El problema es todavía más pronunciado en fintech y empresas dedicadas al crédito fuera del sistema bancario tradicional. En ese segmento, los atrasos llegaron a cerca del 25%, lo que implica que una de cada cuatro personas tuvo dificultades para devolver el dinero recibido. Ese nivel de incumplimiento obliga a ajustar criterios de aprobación y encarece el riesgo para futuras operaciones.
Por qué aumentaron los incumplimientos
El salto de la mora se explica, en parte, por los préstamos tomados a tasas elevadas durante el segundo semestre del año pasado. Muchos usuarios asumieron deudas con la expectativa de que la inflación licuaría las cuotas, como había ocurrido en otros períodos.
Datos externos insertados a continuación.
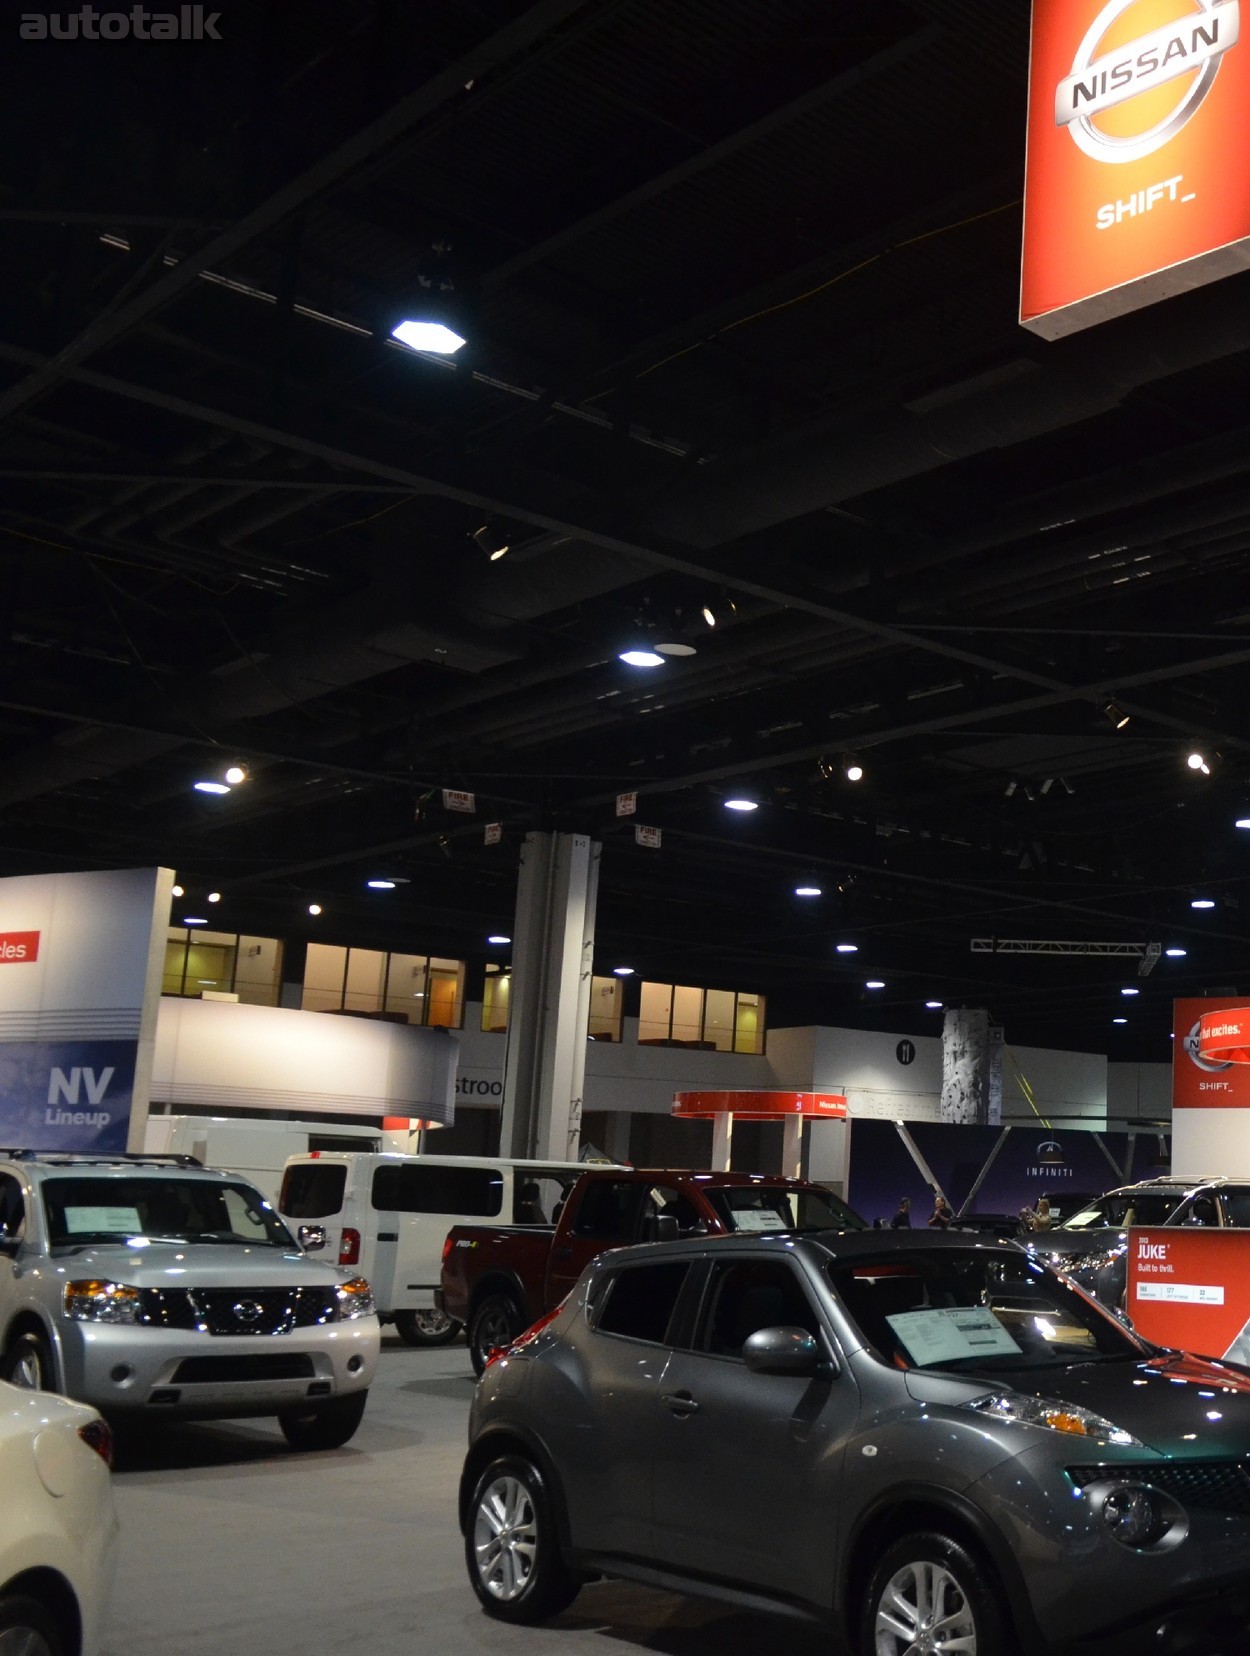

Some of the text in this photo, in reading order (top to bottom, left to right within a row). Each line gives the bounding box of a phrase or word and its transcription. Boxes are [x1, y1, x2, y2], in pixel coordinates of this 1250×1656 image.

Esa dinámica cambió cuando la desaceleración inflacionaria hizo que las obligaciones pesaran más sobre los ingresos mensuales.
El ministro de Economía, Luis Caputo, atribuyó el problema a una combinación entre fuerte crecimiento del crédito, tasas altas y menor licuación de las deudas. Según su diagnóstico, muchas personas se sobreendeudaron esperando un escenario que finalmente no se produjo. Los bancos también admiten en privado que no estaban del todo preparados para responder a una demanda de crédito tan acelerada.
Los bancos piden evitar intervenciones
Alejandro Butti, CEO de Santander Argentina, planteó que la mora debería bajar gradualmente, aunque descartó volver a los niveles extremadamente bajos de años anteriores. Según explicó, aquellos registros estaban influidos por una inflación elevada que reducía el peso real de las cuotas con el paso del tiempo. En su análisis, una referencia más realista podría ser la de países como Brasil, donde los atrasos se ubican cerca del 5%.
El ejecutivo también advirtió contra posibles medidas legislativas para poner topes a las tasas o intervenir sobre la situación de los morosos. A su criterio, ese tipo de decisiones podría generar un efecto contrario y reducir la disponibilidad de crédito. La posición de los bancos es que el problema debe resolverse con mejores criterios de originación, seguimiento temprano de clientes y acuerdos de refinanciación.
Qué pasa con el crédito al consumo
Un informe de la consultora LCG indicó que el crédito en pesos al consumo dejó de caer en abril y mostró una leve suba mensual del 0,3%. El dato cortó una racha de cinco meses consecutivos de retrocesos, aunque todavía no alcanza para marcar una recuperación sostenida. Los préstamos con garantía real también acompañaron una dinámica positiva, mientras que el financiamiento a empresas volvió a caer.
En términos agregados, los préstamos en pesos registraron una baja leve y moderaron su crecimiento interanual. Para el sistema financiero, el desafío será volver a prestar sin repetir el ciclo de sobreendeudamiento que derivó en el aumento de la mora. Para los deudores que ya quedaron marcados, el camino será más lento: ordenar pagos, aceptar refinanciaciones posibles y reconstruir un historial crediticio que no se recupera de un mes para otro.